What needs to be done:
Emit the line that holds "Some of the text" and all lines following it through the end of the data, verbatim, and nothing else.

- - -

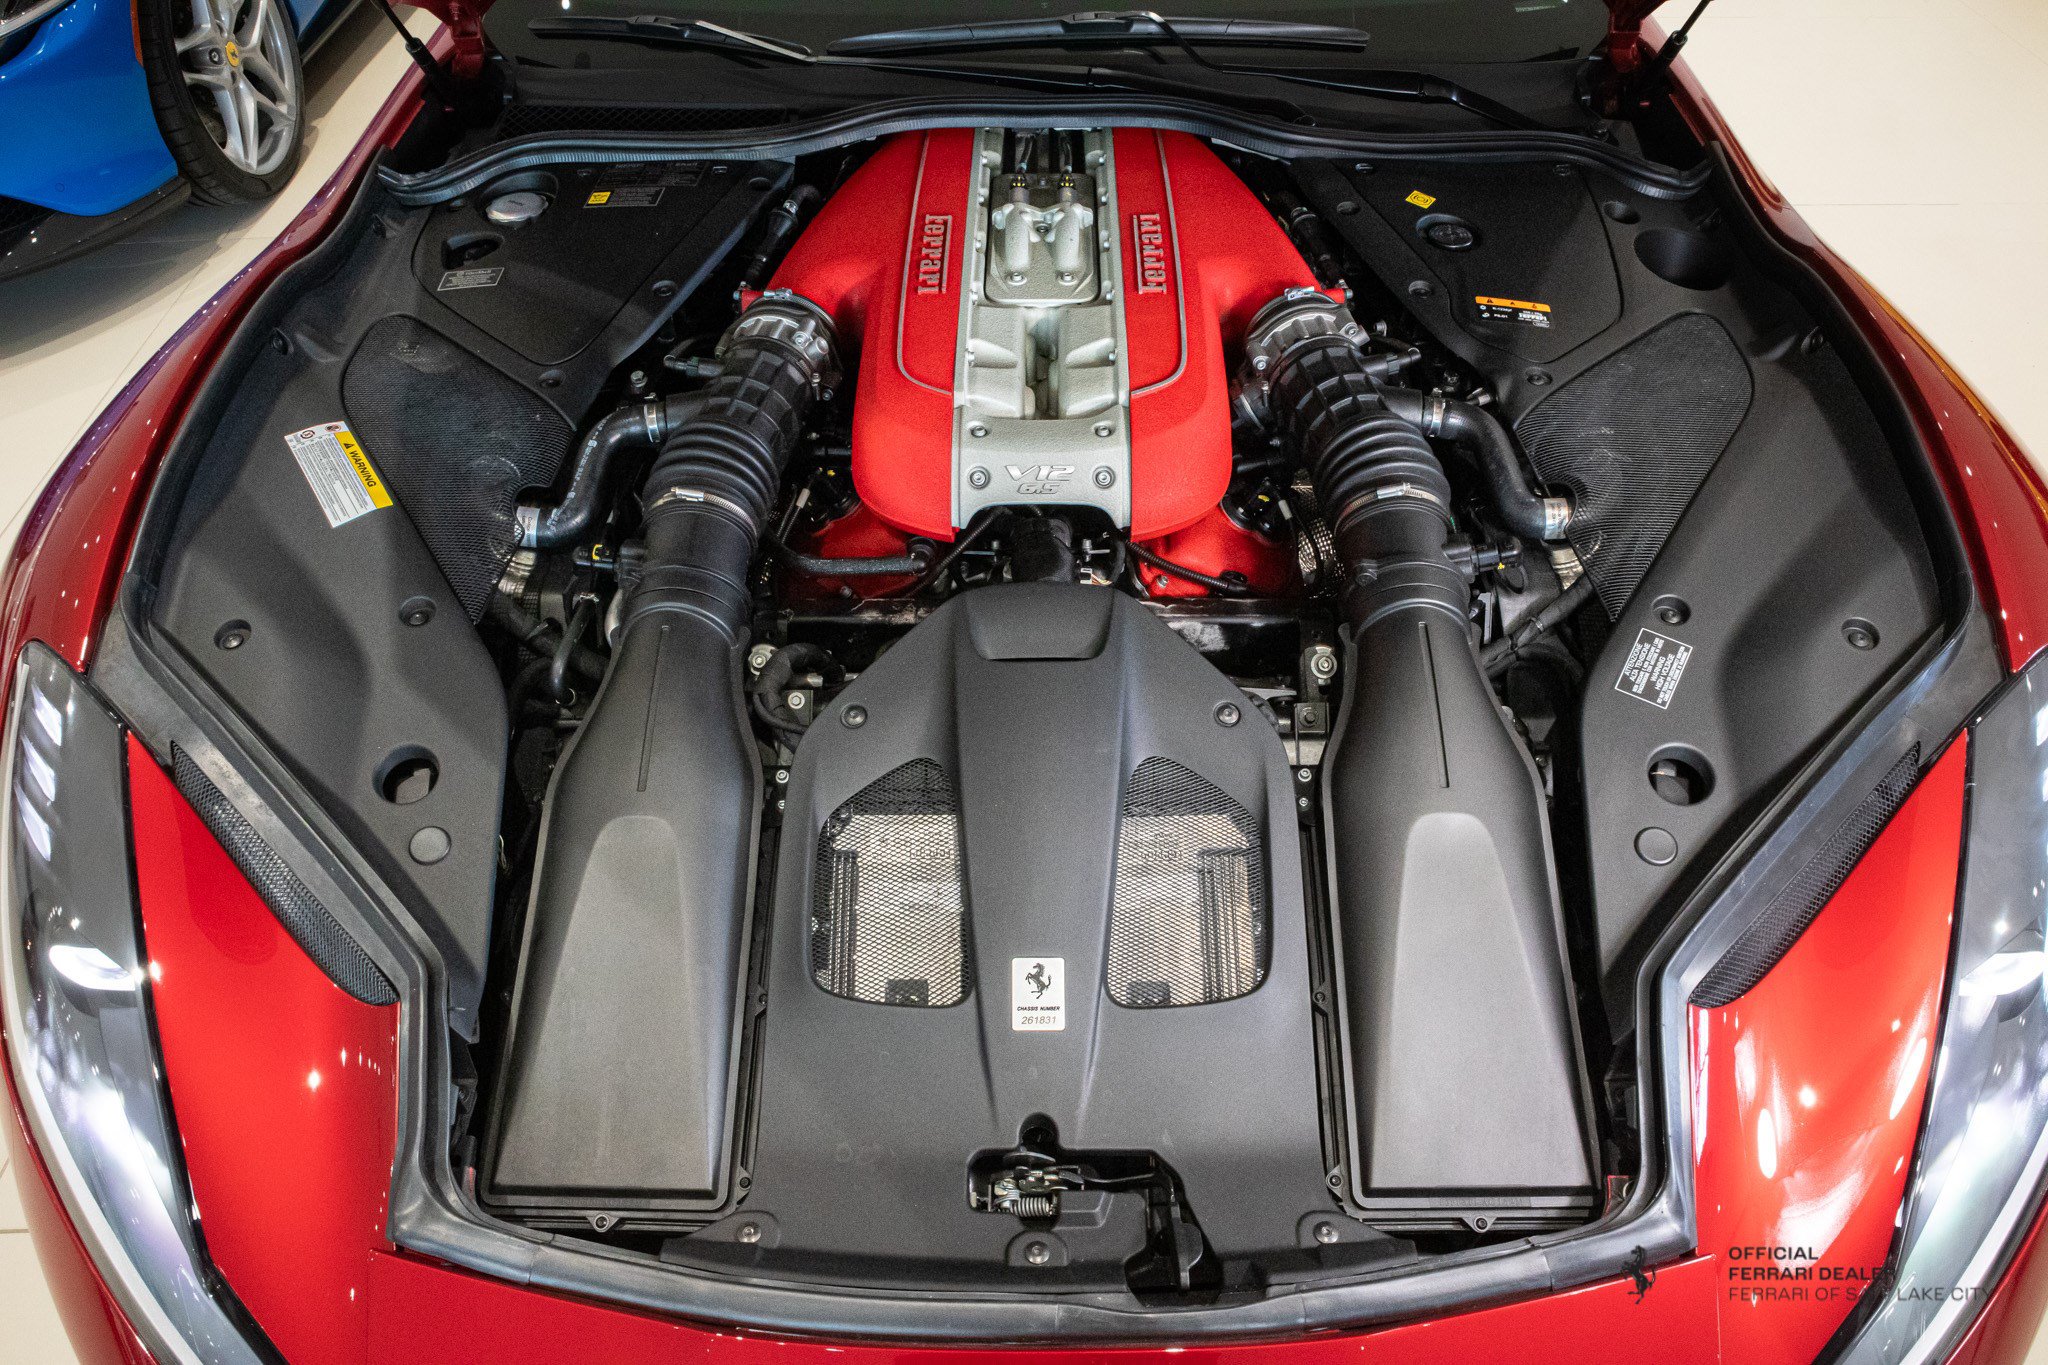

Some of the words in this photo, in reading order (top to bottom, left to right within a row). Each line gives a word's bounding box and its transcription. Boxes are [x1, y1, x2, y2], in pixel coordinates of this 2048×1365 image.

[349, 450, 376, 488] WARNING
[1004, 465, 1075, 481] V12
[1624, 643, 1643, 676] ATTENZIONE
[1635, 642, 1651, 668] TENSIONE
[1661, 653, 1676, 676] VOLTAGE
[1650, 656, 1666, 682] WARNING
[1021, 1016, 1056, 1025] 261831
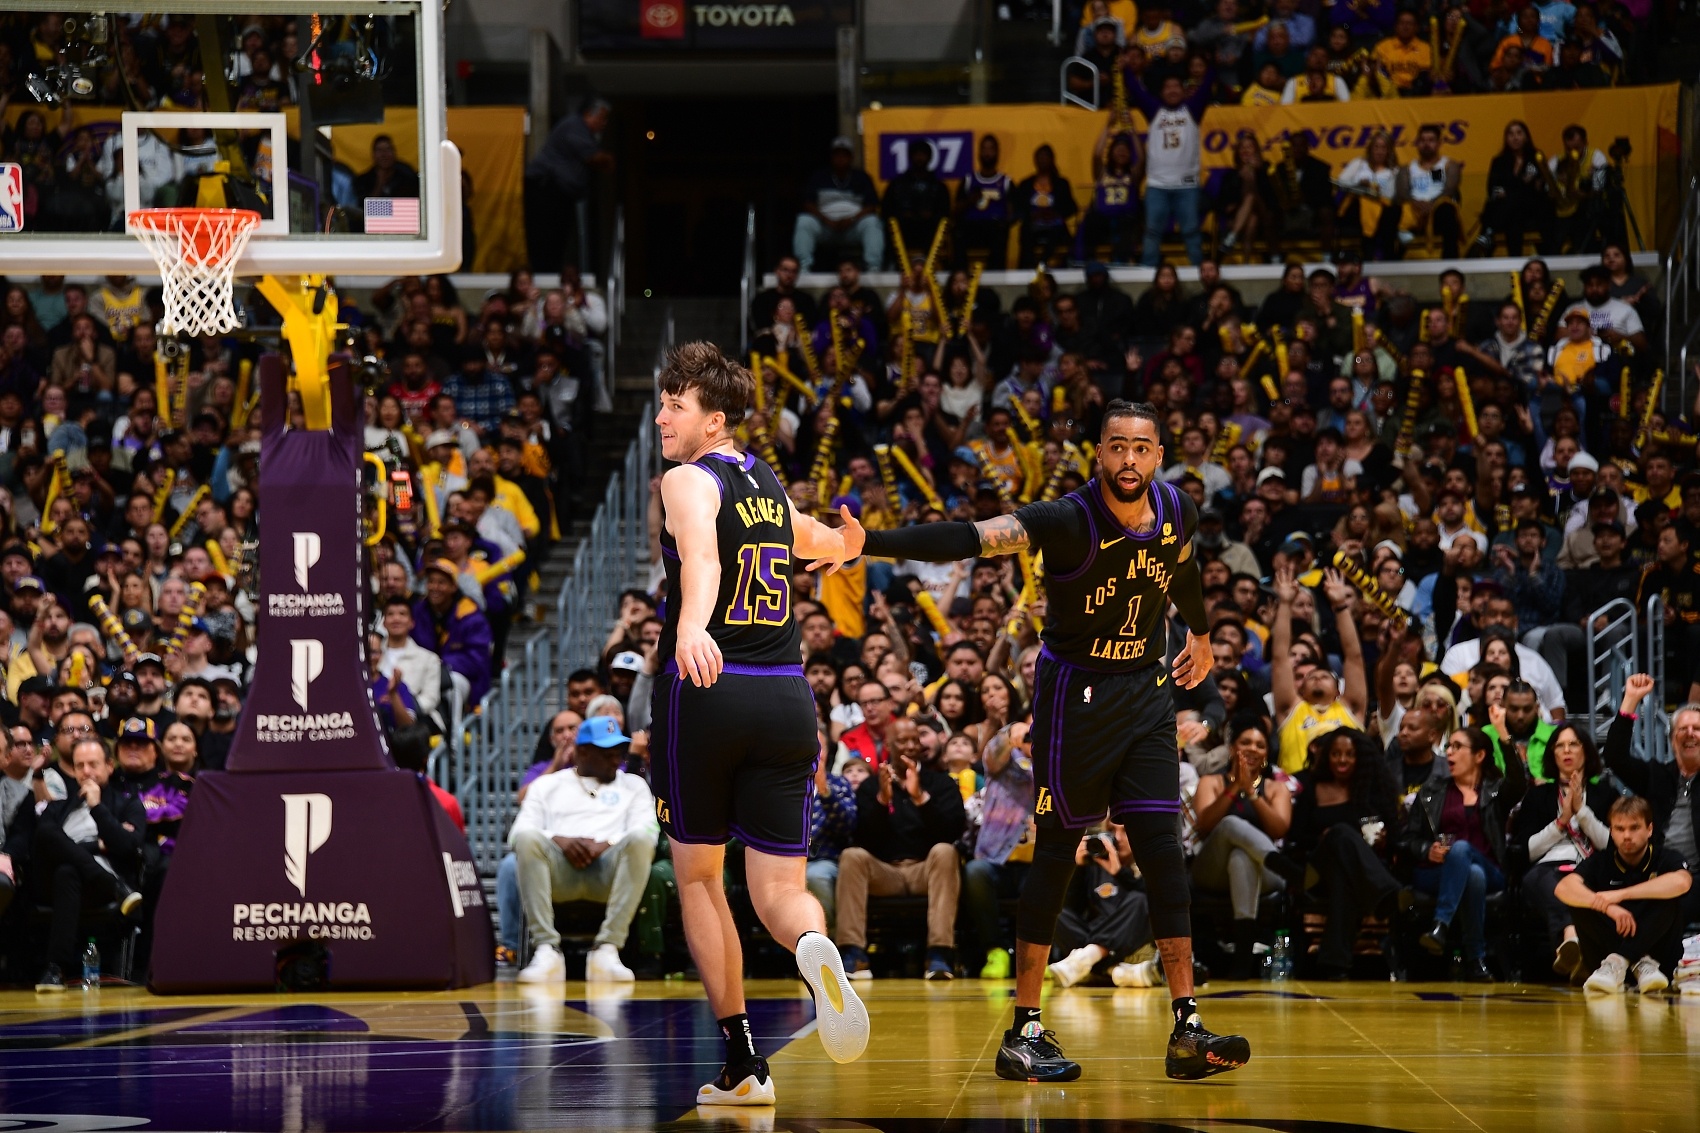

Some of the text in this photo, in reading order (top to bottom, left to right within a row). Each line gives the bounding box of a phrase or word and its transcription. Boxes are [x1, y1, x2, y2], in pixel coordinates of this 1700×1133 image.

[693, 5, 795, 27] TOYOTA
[725, 542, 790, 627] 15
[1084, 549, 1173, 614] LOS ANGELE
[268, 592, 344, 608] PECHANGA
[268, 607, 306, 617] RESORT
[1119, 594, 1142, 637] 1
[1090, 637, 1147, 660] LAKERS
[256, 711, 354, 732] PECHANGA
[256, 729, 304, 743] RESORT
[233, 902, 371, 925] PECHANGA
[232, 925, 301, 942] RESORT

- - -

Response to the exercise:
Some of the text in this photo, in reading order (top to bottom, left to right within a row). Each line gives the bounding box of a phrase or word and its transcription. Boxes are [x1, y1, x2, y2], in pixel coordinates of this 1700×1133 image.

[693, 5, 795, 27] TOYOTA
[725, 542, 790, 627] 15
[1084, 549, 1173, 614] LOS ANGELE
[268, 592, 344, 608] PECHANGA
[268, 607, 306, 617] RESORT
[1119, 594, 1142, 637] 1
[1090, 637, 1147, 660] LAKERS
[256, 711, 354, 732] PECHANGA
[256, 729, 304, 743] RESORT
[233, 902, 371, 925] PECHANGA
[232, 925, 301, 942] RESORT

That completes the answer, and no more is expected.